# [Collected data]
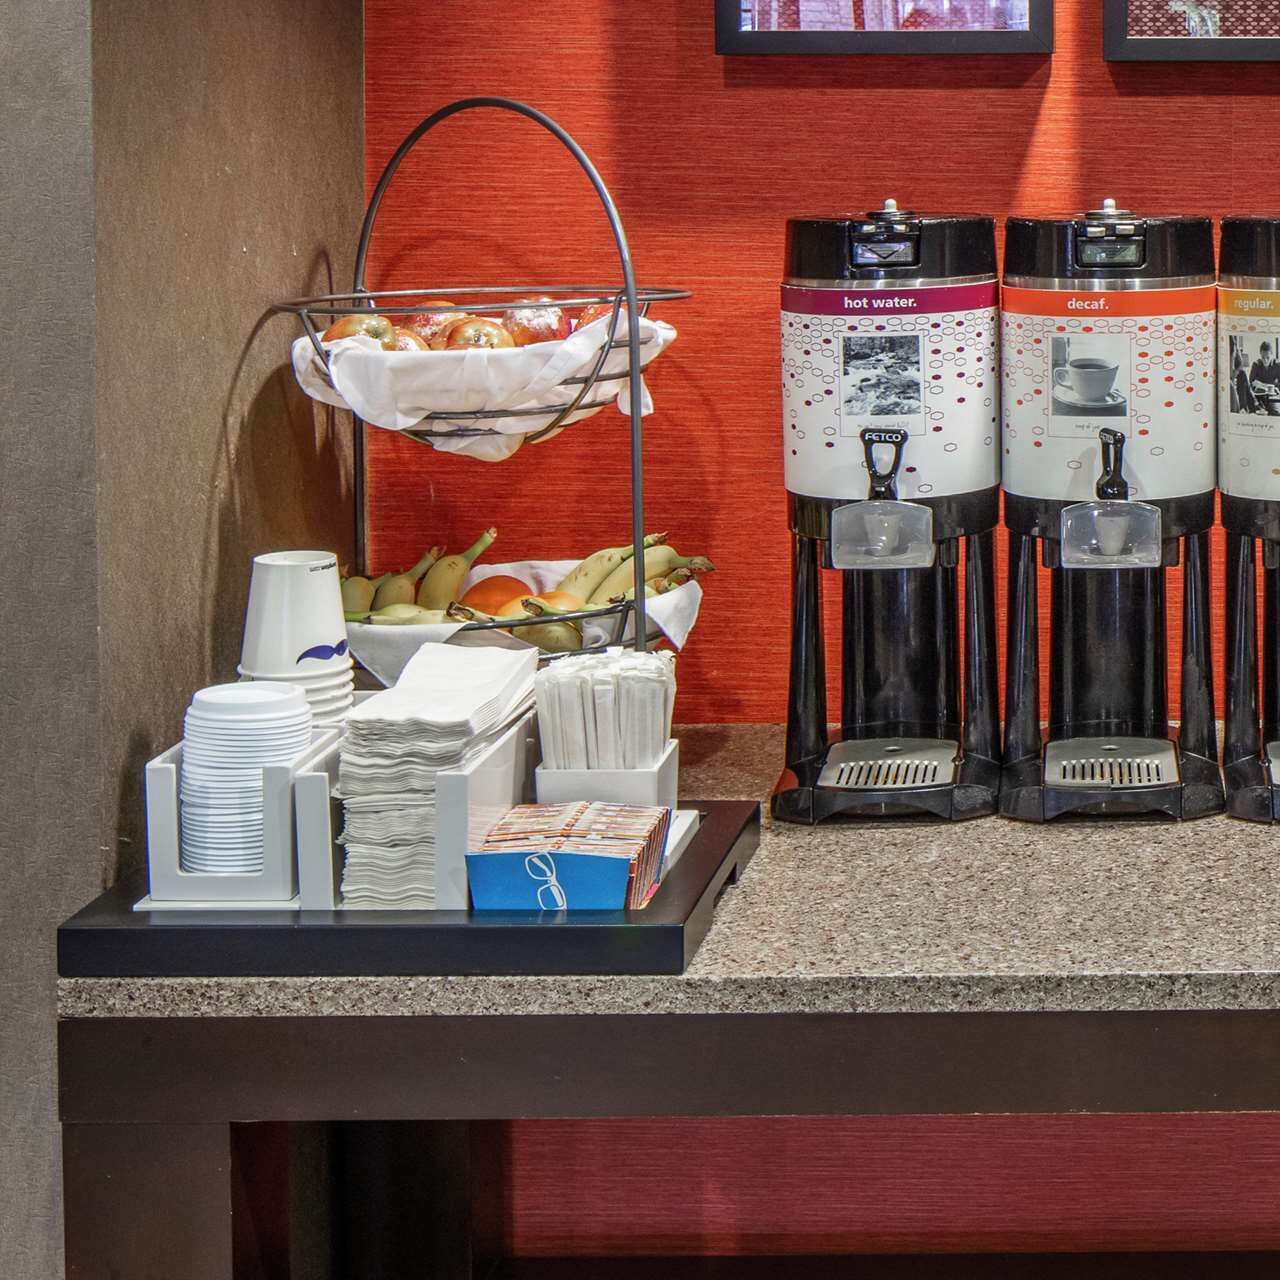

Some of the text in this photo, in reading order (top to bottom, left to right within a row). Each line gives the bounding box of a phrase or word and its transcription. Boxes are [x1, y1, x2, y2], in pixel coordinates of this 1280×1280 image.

[844, 296, 917, 308] hot water.
[1067, 297, 1109, 310] decaf.
[1234, 297, 1274, 311] regular.
[865, 432, 901, 442] FETCO
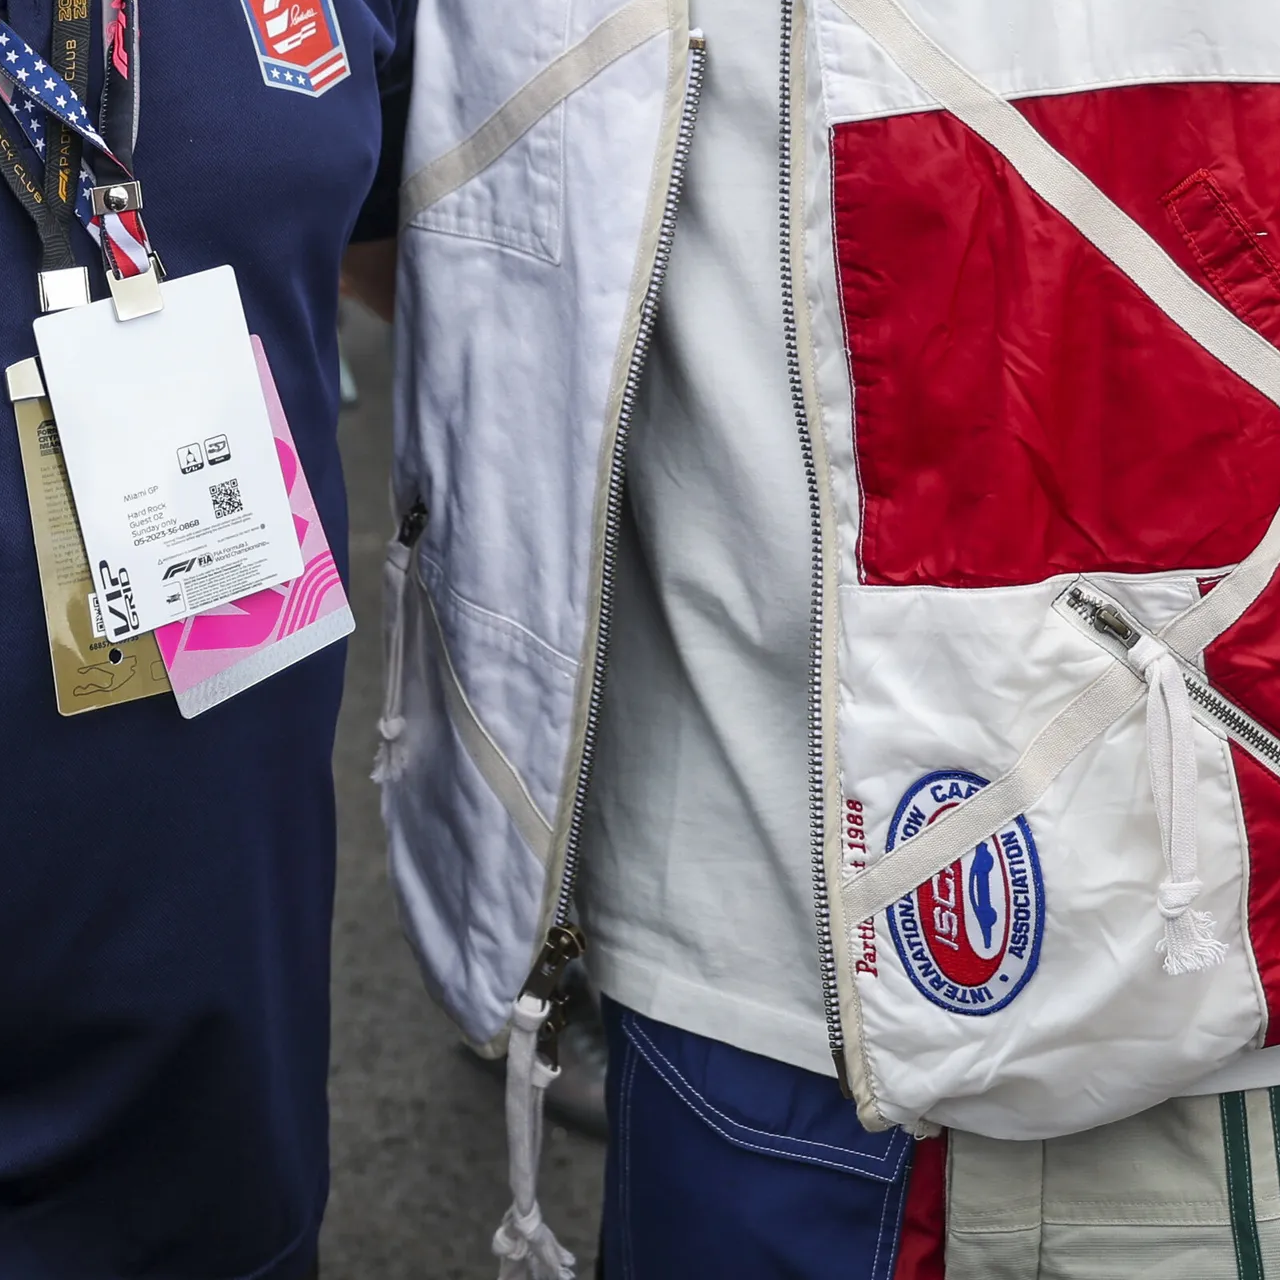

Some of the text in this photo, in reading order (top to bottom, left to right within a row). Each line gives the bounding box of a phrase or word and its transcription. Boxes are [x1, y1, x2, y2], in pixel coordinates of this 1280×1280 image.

# [Exercise goal]
Give back every entry in its exact wording, leaving the pictures out.

# [Exercise result]
Some of the text in this photo, in reading order (top to bottom, left to right within a row). Each line gives the bounding box of a phrase or word and its transcription. Boxes are [x1, y1, x2, y2], in pixel coordinates of this 1280×1280 image.

[844, 296, 917, 308] hot water.
[1067, 297, 1109, 310] decaf.
[1234, 297, 1274, 311] regular.
[865, 432, 901, 442] FETCO

Some of the text in this photo, in reading order (top to bottom, left to right within a row). Each line gives the bounding box of a phrase or word and its transcription. Boxes are [x1, y1, x2, y2], in pixel coordinates of this 1280×1280 image.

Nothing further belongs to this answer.